Activation of β-catenin causes defects in embryonic development during maternal-to-zygotic transition in mice

The early stage of embryogenesis is an important and complex cell-remodeling event in reproductive biology. To develop into a normal zygote, maternal-to-zygotic transition (MZT) is especially important for both zygotic genome activation (ZGA) and degradation of maternal products during the early stage of embryonic development. beta-Catenin has been identified as an important regulator of embryonic development and adult stem cell division via the canonical Wnt/beta-catenin signalling pathway. However, the role of activated beta-catenin during MZT remains elusive.
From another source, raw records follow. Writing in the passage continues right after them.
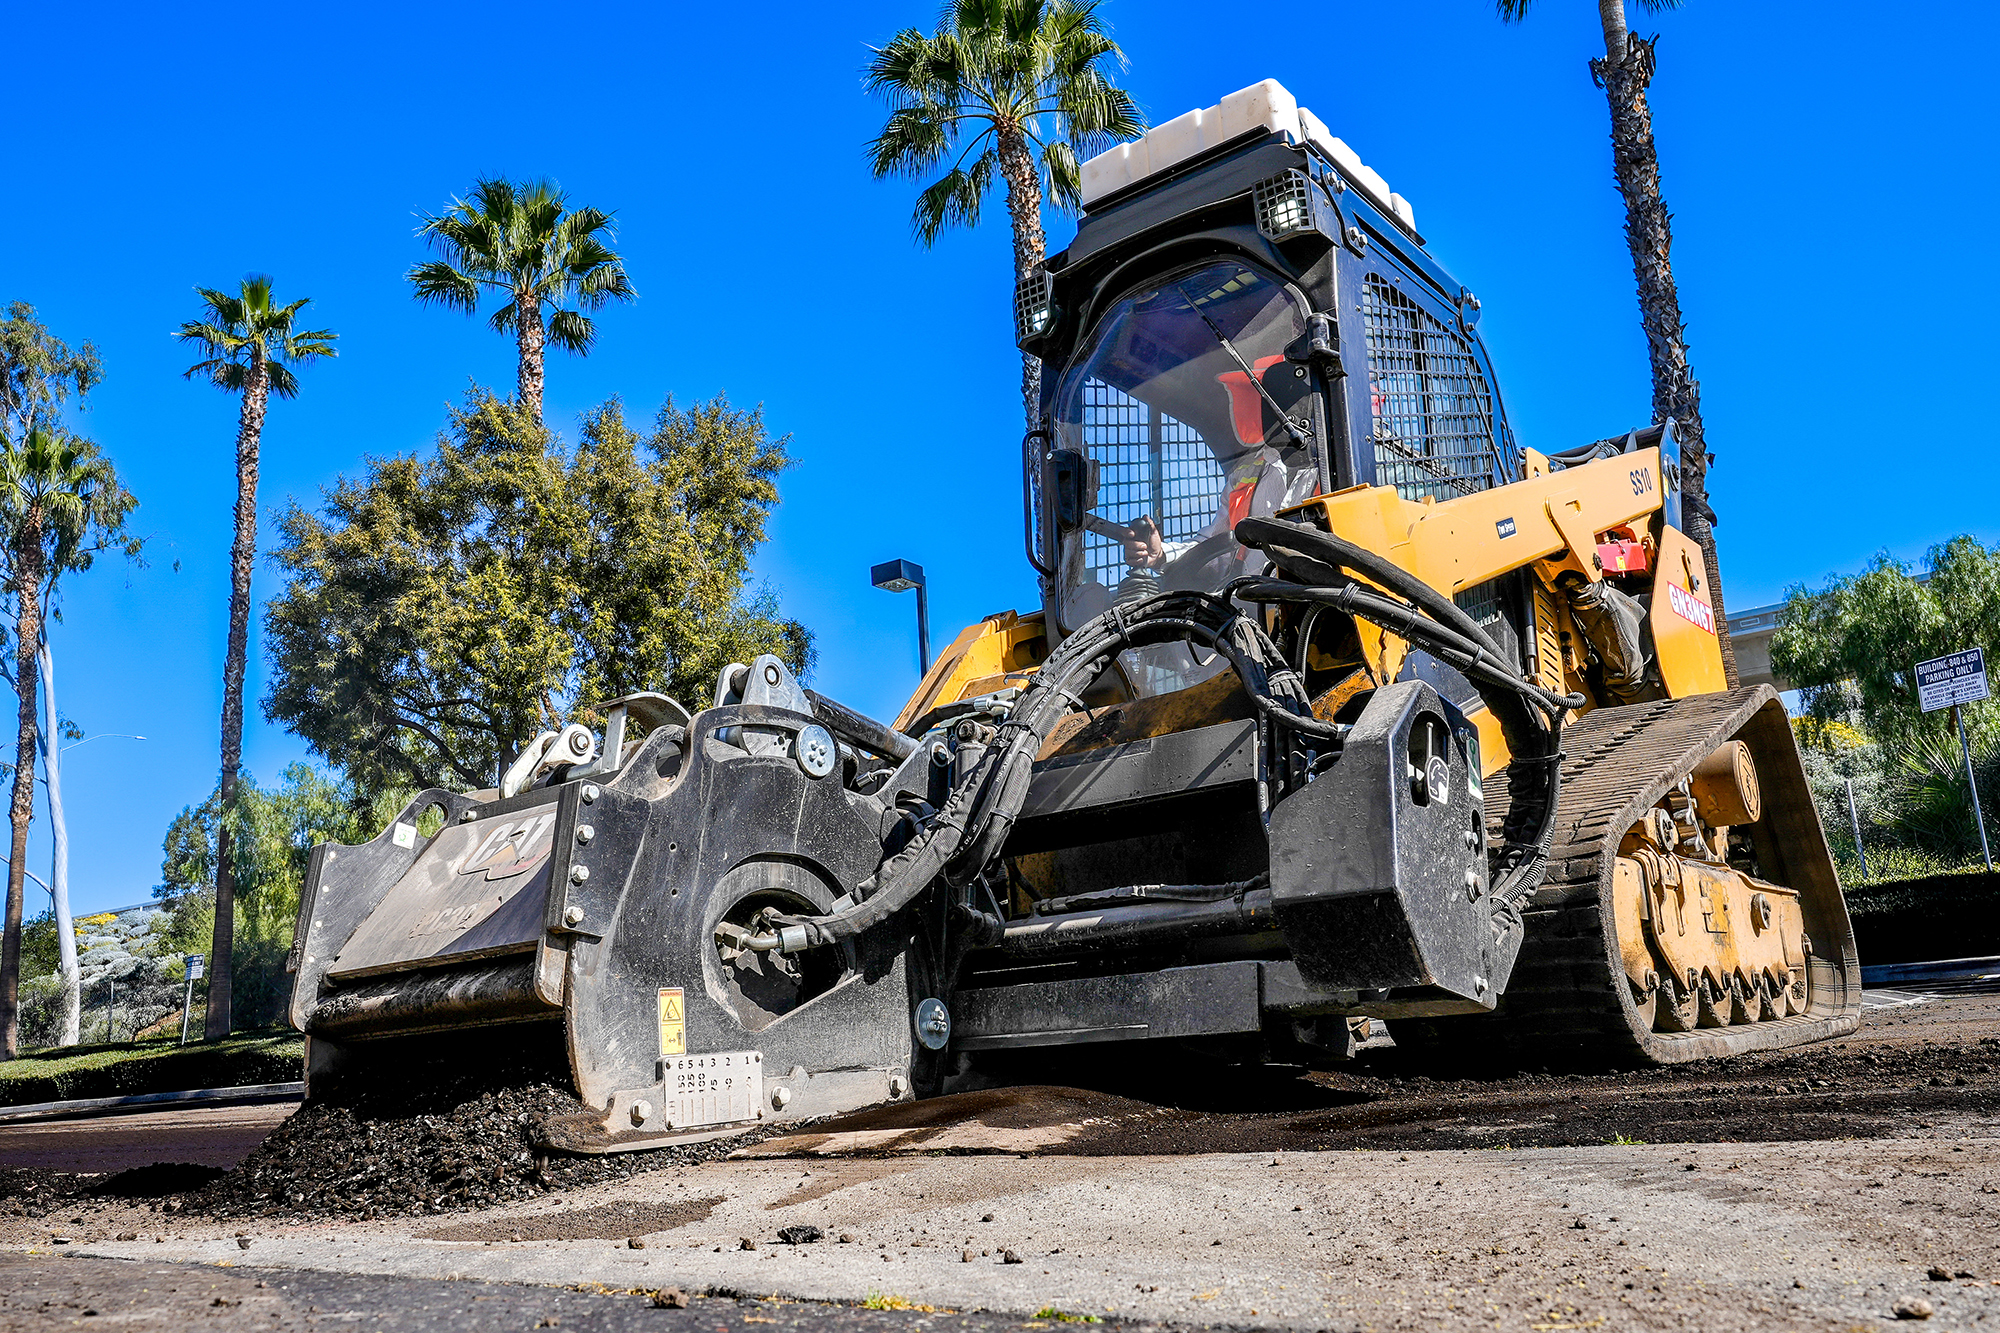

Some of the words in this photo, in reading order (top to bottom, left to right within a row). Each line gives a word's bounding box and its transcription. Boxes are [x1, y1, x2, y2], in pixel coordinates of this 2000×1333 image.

[1630, 467, 1652, 496] SS10
[1918, 660, 1948, 675] BUILDING
[1948, 657, 1960, 667] 840
[1961, 656, 1966, 664] &
[1966, 652, 1978, 662] 850
[1925, 669, 1955, 683] PARKING
[1956, 664, 1974, 676] ONLY
[464, 812, 557, 871] CAT
[678, 1060, 684, 1070] 6
[688, 1059, 694, 1069] 5
[698, 1058, 704, 1068] 4
[710, 1058, 716, 1068] 3
[725, 1057, 730, 1066] 2
[745, 1056, 750, 1064] 1
[678, 1074, 686, 1094] 150
[698, 1072, 706, 1094] 100
[710, 1079, 718, 1092] 75
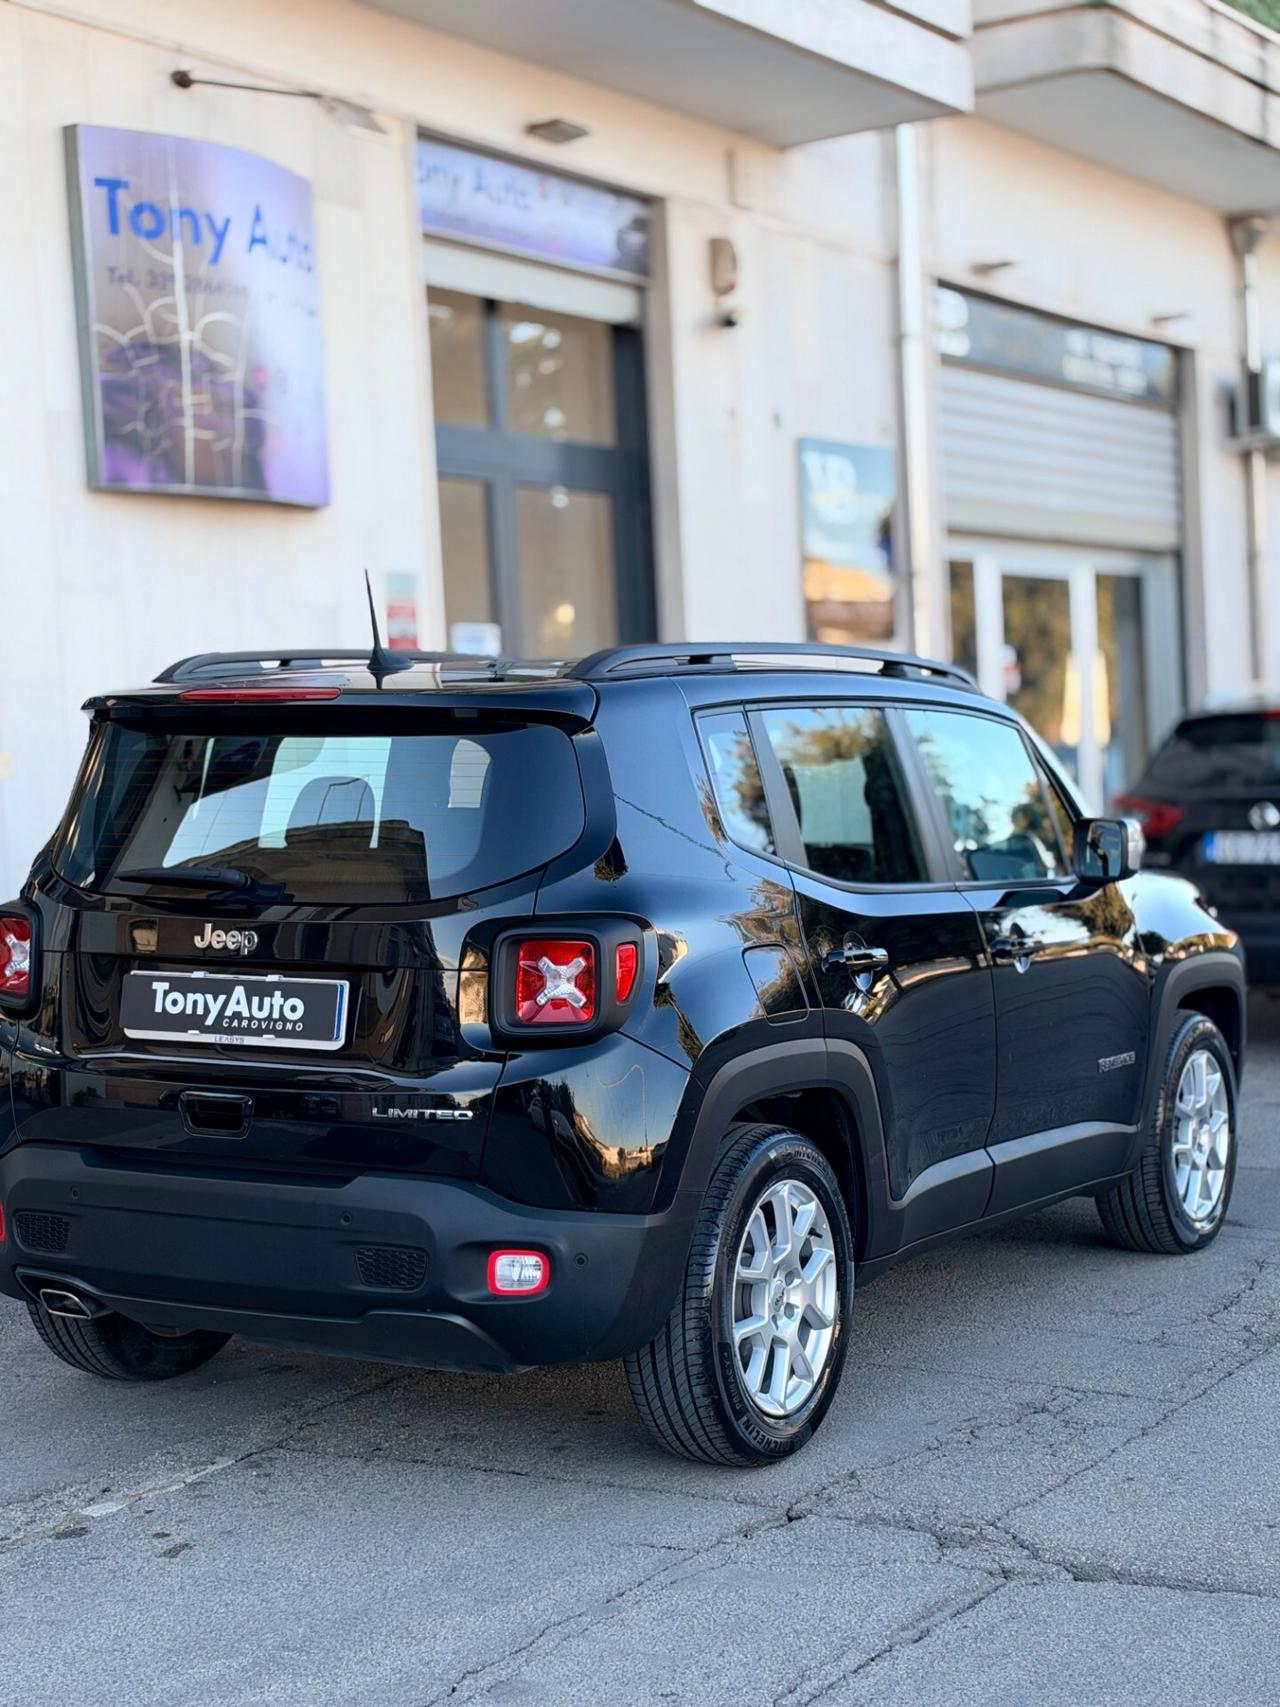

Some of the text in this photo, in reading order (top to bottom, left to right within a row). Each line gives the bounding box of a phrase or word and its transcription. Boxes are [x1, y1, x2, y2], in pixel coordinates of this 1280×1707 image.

[95, 178, 231, 266] Tony
[194, 923, 257, 955] Jeep
[152, 982, 304, 1025] TonyAuto
[222, 1019, 303, 1031] CAROVIGNO
[372, 1107, 473, 1120] LIMITED
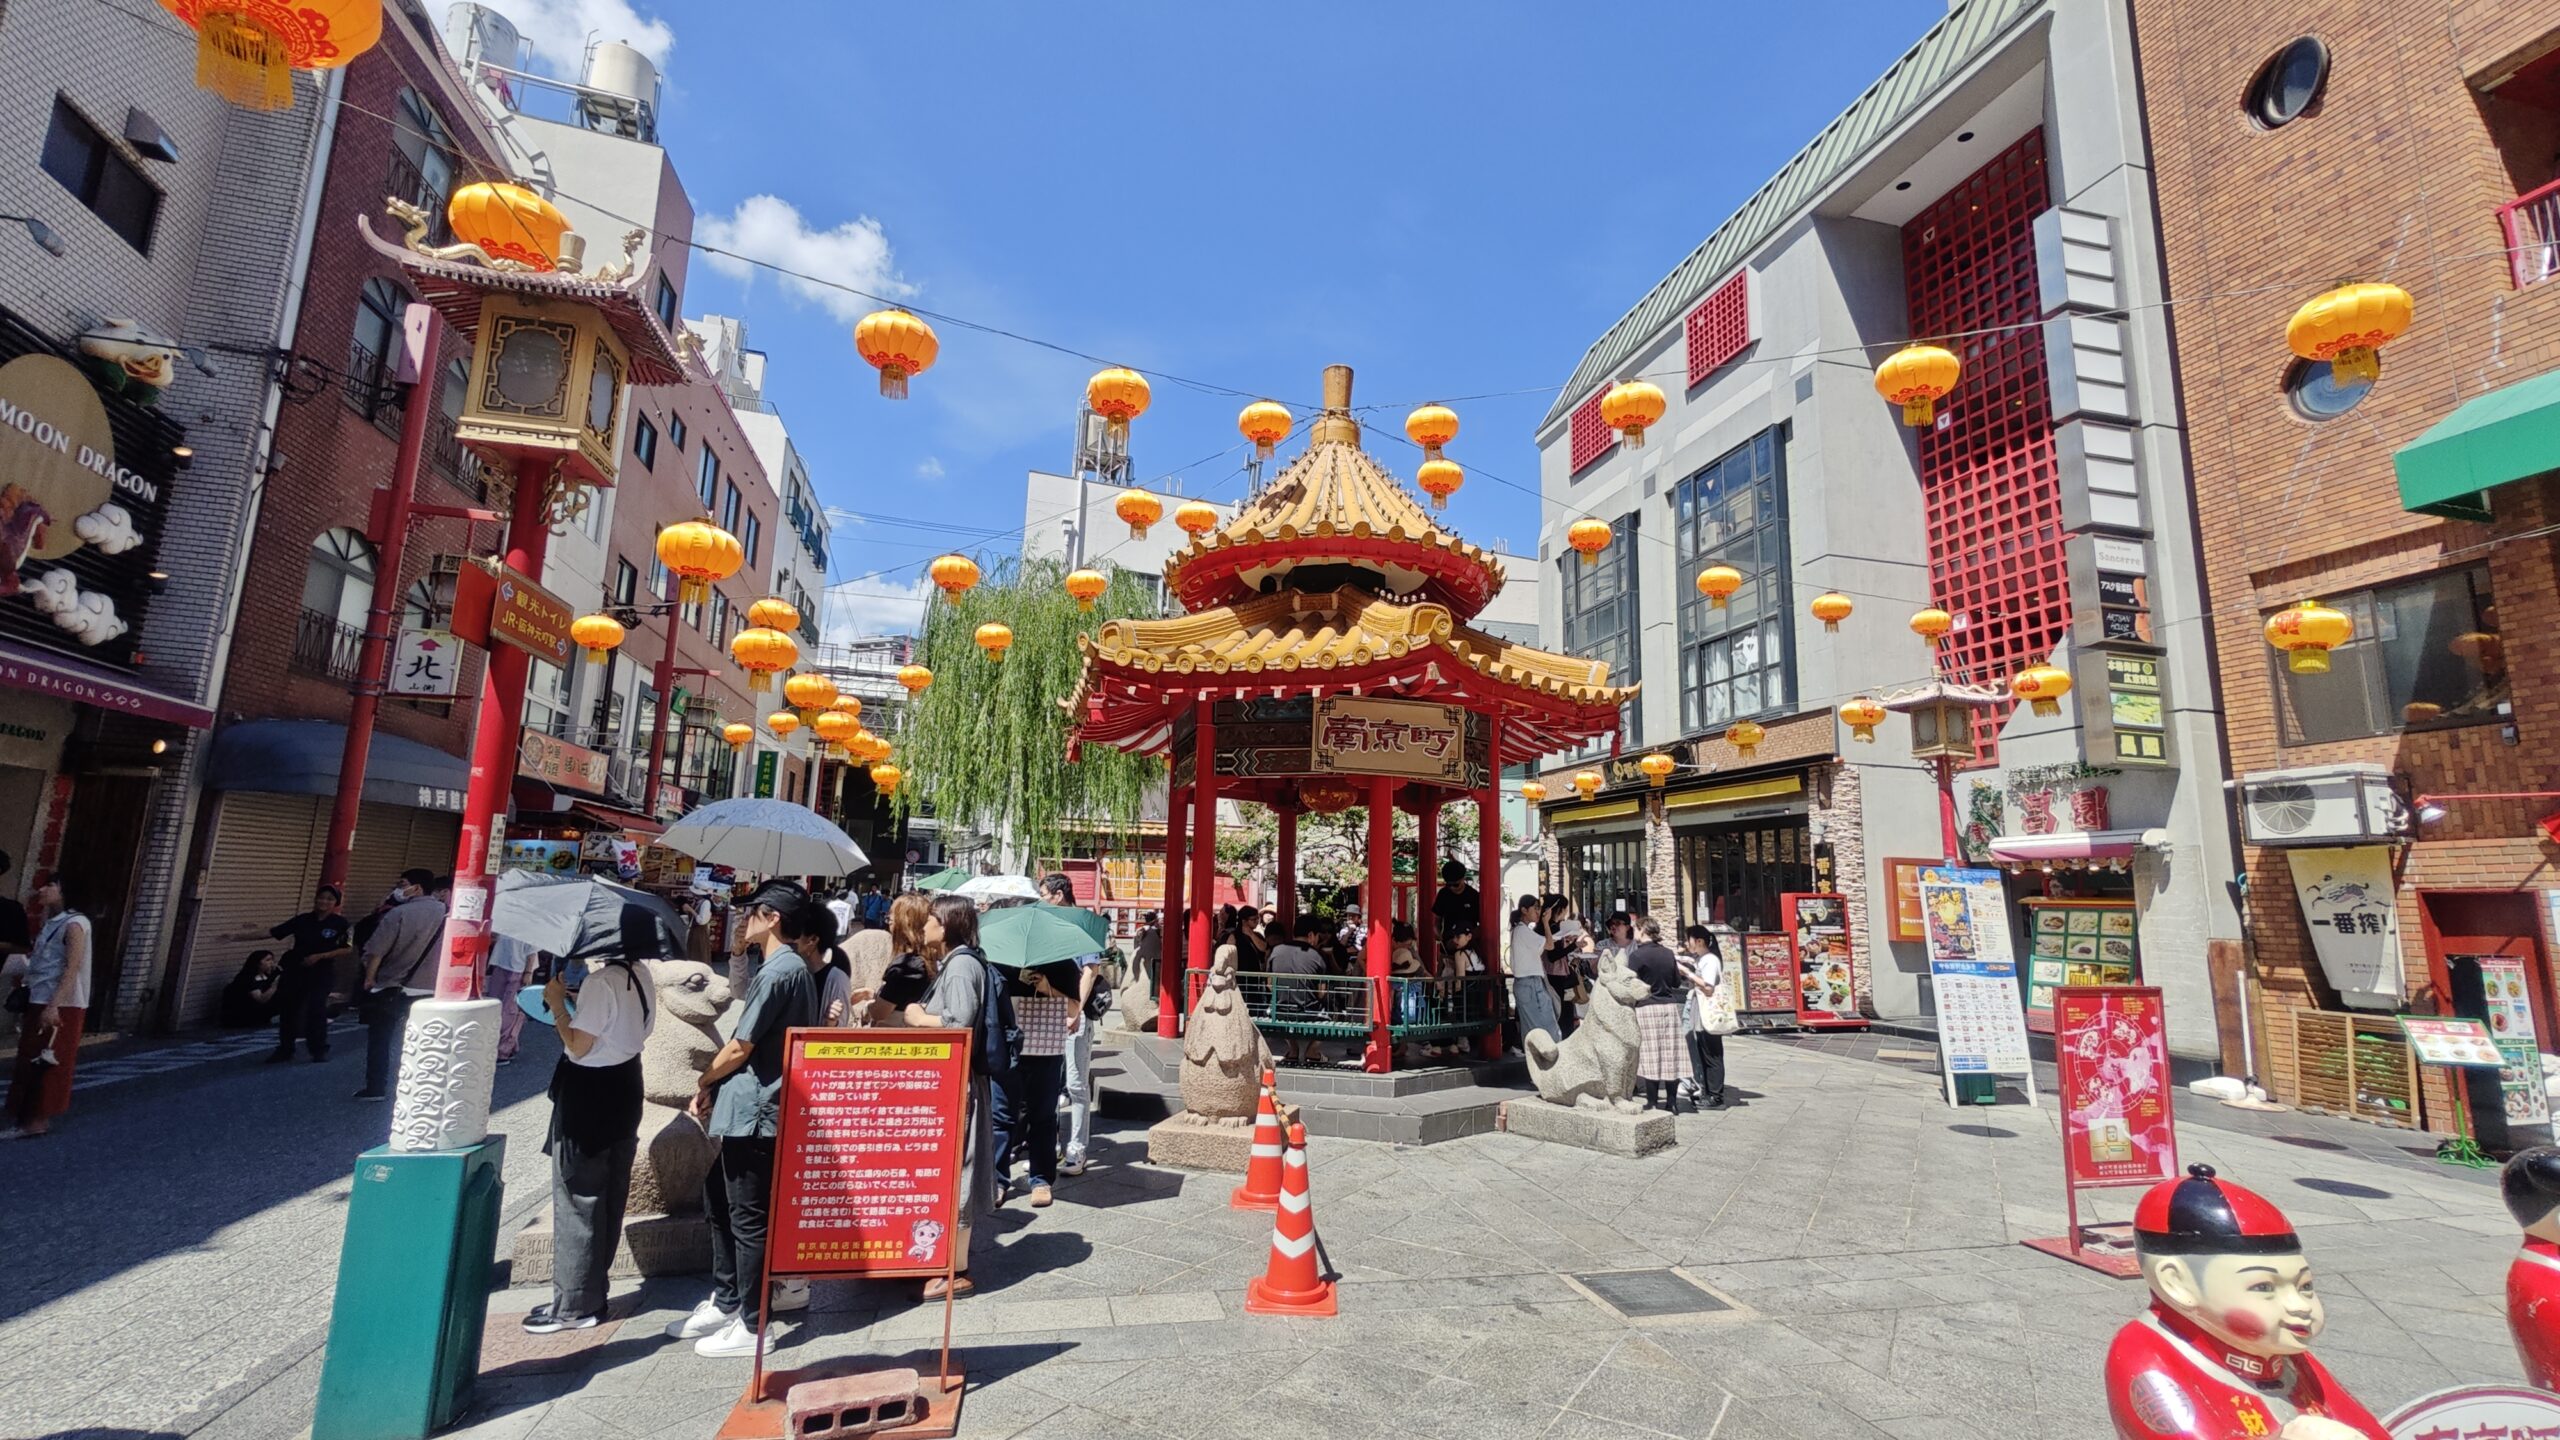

In the present study, we found that beta-catenin is mainly expressed during embryogenesis in the cell membrane from the zygote-to morula-stage embryos but not in MII oocytes. To analyze the function of activated beta-catenin during MZT, we conducted a beta-catenin activation assay during embryogenesis. Our results indicated that development beyond the two-cell stage was inhibited in zygotes with beta-catenin activation. Further analysis showed that activated form of beta-catenin protein was increased and the phosphorylated form of beta-catenin protein was decreased in culture embryos. Taken together, our study reveals that activation of beta-catenin may play a vital role in zygotic development, determining the developmental potential of mouse embryos.